## WHAT THIS TASK INVOLVES
The answer must be an exact copy of every record.

[Records from a data source]
_ _ _
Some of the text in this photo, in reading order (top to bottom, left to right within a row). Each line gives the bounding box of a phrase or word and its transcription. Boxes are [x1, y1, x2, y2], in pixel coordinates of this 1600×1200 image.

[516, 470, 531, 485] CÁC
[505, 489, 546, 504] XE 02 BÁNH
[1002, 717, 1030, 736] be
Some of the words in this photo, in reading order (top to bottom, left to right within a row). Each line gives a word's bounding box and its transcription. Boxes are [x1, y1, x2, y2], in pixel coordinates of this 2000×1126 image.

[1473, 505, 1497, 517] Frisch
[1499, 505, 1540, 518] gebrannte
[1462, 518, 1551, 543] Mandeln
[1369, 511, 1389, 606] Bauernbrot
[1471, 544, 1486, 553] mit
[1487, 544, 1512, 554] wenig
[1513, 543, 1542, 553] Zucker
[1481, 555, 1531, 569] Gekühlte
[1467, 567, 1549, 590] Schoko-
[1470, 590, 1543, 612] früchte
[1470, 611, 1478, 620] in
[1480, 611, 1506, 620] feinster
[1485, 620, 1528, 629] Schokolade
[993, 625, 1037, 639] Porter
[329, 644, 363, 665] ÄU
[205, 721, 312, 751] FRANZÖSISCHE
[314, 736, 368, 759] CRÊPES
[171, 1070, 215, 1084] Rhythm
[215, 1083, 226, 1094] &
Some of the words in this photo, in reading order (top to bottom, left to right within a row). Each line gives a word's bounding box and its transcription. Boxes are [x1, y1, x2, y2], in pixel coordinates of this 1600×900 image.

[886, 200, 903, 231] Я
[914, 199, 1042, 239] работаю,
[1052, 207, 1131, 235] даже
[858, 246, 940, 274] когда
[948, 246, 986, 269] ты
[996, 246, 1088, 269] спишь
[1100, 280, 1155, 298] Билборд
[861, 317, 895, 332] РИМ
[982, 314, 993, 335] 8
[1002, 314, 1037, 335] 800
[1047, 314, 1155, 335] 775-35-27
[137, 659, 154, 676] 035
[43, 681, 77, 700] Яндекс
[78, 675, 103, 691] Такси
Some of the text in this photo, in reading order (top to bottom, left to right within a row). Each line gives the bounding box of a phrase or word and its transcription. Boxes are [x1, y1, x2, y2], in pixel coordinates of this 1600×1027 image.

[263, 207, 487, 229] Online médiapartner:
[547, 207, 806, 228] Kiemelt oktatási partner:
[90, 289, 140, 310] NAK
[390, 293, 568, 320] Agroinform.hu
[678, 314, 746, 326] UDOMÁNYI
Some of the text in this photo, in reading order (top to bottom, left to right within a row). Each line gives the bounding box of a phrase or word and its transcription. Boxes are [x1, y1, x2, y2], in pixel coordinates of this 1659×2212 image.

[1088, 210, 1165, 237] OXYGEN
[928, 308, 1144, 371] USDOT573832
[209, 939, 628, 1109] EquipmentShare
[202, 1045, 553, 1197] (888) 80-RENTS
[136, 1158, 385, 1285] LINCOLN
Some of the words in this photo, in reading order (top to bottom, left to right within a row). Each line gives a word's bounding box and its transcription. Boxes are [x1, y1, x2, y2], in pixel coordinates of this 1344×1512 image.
_ _ _
## ANSWER TO THIS PROBLEM
Some of the text in this photo, in reading order (top to bottom, left to right within a row). Each line gives the bounding box of a phrase or word and its transcription. Boxes are [x1, y1, x2, y2], in pixel coordinates of this 1600×1200 image.

[516, 470, 531, 485] CÁC
[505, 489, 546, 504] XE 02 BÁNH
[1002, 717, 1030, 736] be
Some of the words in this photo, in reading order (top to bottom, left to right within a row). Each line gives a word's bounding box and its transcription. Boxes are [x1, y1, x2, y2], in pixel coordinates of this 2000×1126 image.

[1473, 505, 1497, 517] Frisch
[1499, 505, 1540, 518] gebrannte
[1462, 518, 1551, 543] Mandeln
[1369, 511, 1389, 606] Bauernbrot
[1471, 544, 1486, 553] mit
[1487, 544, 1512, 554] wenig
[1513, 543, 1542, 553] Zucker
[1481, 555, 1531, 569] Gekühlte
[1467, 567, 1549, 590] Schoko-
[1470, 590, 1543, 612] früchte
[1470, 611, 1478, 620] in
[1480, 611, 1506, 620] feinster
[1485, 620, 1528, 629] Schokolade
[993, 625, 1037, 639] Porter
[329, 644, 363, 665] ÄU
[205, 721, 312, 751] FRANZÖSISCHE
[314, 736, 368, 759] CRÊPES
[171, 1070, 215, 1084] Rhythm
[215, 1083, 226, 1094] &
Some of the words in this photo, in reading order (top to bottom, left to right within a row). Each line gives a word's bounding box and its transcription. Boxes are [x1, y1, x2, y2], in pixel coordinates of this 1600×900 image.

[886, 200, 903, 231] Я
[914, 199, 1042, 239] работаю,
[1052, 207, 1131, 235] даже
[858, 246, 940, 274] когда
[948, 246, 986, 269] ты
[996, 246, 1088, 269] спишь
[1100, 280, 1155, 298] Билборд
[861, 317, 895, 332] РИМ
[982, 314, 993, 335] 8
[1002, 314, 1037, 335] 800
[1047, 314, 1155, 335] 775-35-27
[137, 659, 154, 676] 035
[43, 681, 77, 700] Яндекс
[78, 675, 103, 691] Такси
Some of the text in this photo, in reading order (top to bottom, left to right within a row). Each line gives the bounding box of a phrase or word and its transcription. Boxes are [x1, y1, x2, y2], in pixel coordinates of this 1600×1027 image.

[263, 207, 487, 229] Online médiapartner:
[547, 207, 806, 228] Kiemelt oktatási partner:
[90, 289, 140, 310] NAK
[390, 293, 568, 320] Agroinform.hu
[678, 314, 746, 326] UDOMÁNYI
Some of the text in this photo, in reading order (top to bottom, left to right within a row). Each line gives the bounding box of a phrase or word and its transcription. Boxes are [x1, y1, x2, y2], in pixel coordinates of this 1659×2212 image.

[1088, 210, 1165, 237] OXYGEN
[928, 308, 1144, 371] USDOT573832
[209, 939, 628, 1109] EquipmentShare
[202, 1045, 553, 1197] (888) 80-RENTS
[136, 1158, 385, 1285] LINCOLN
Some of the words in this photo, in reading order (top to bottom, left to right within a row). Each line gives a word's bounding box and its transcription. Boxes are [x1, y1, x2, y2], in pixel coordinates of this 1344×1512 image.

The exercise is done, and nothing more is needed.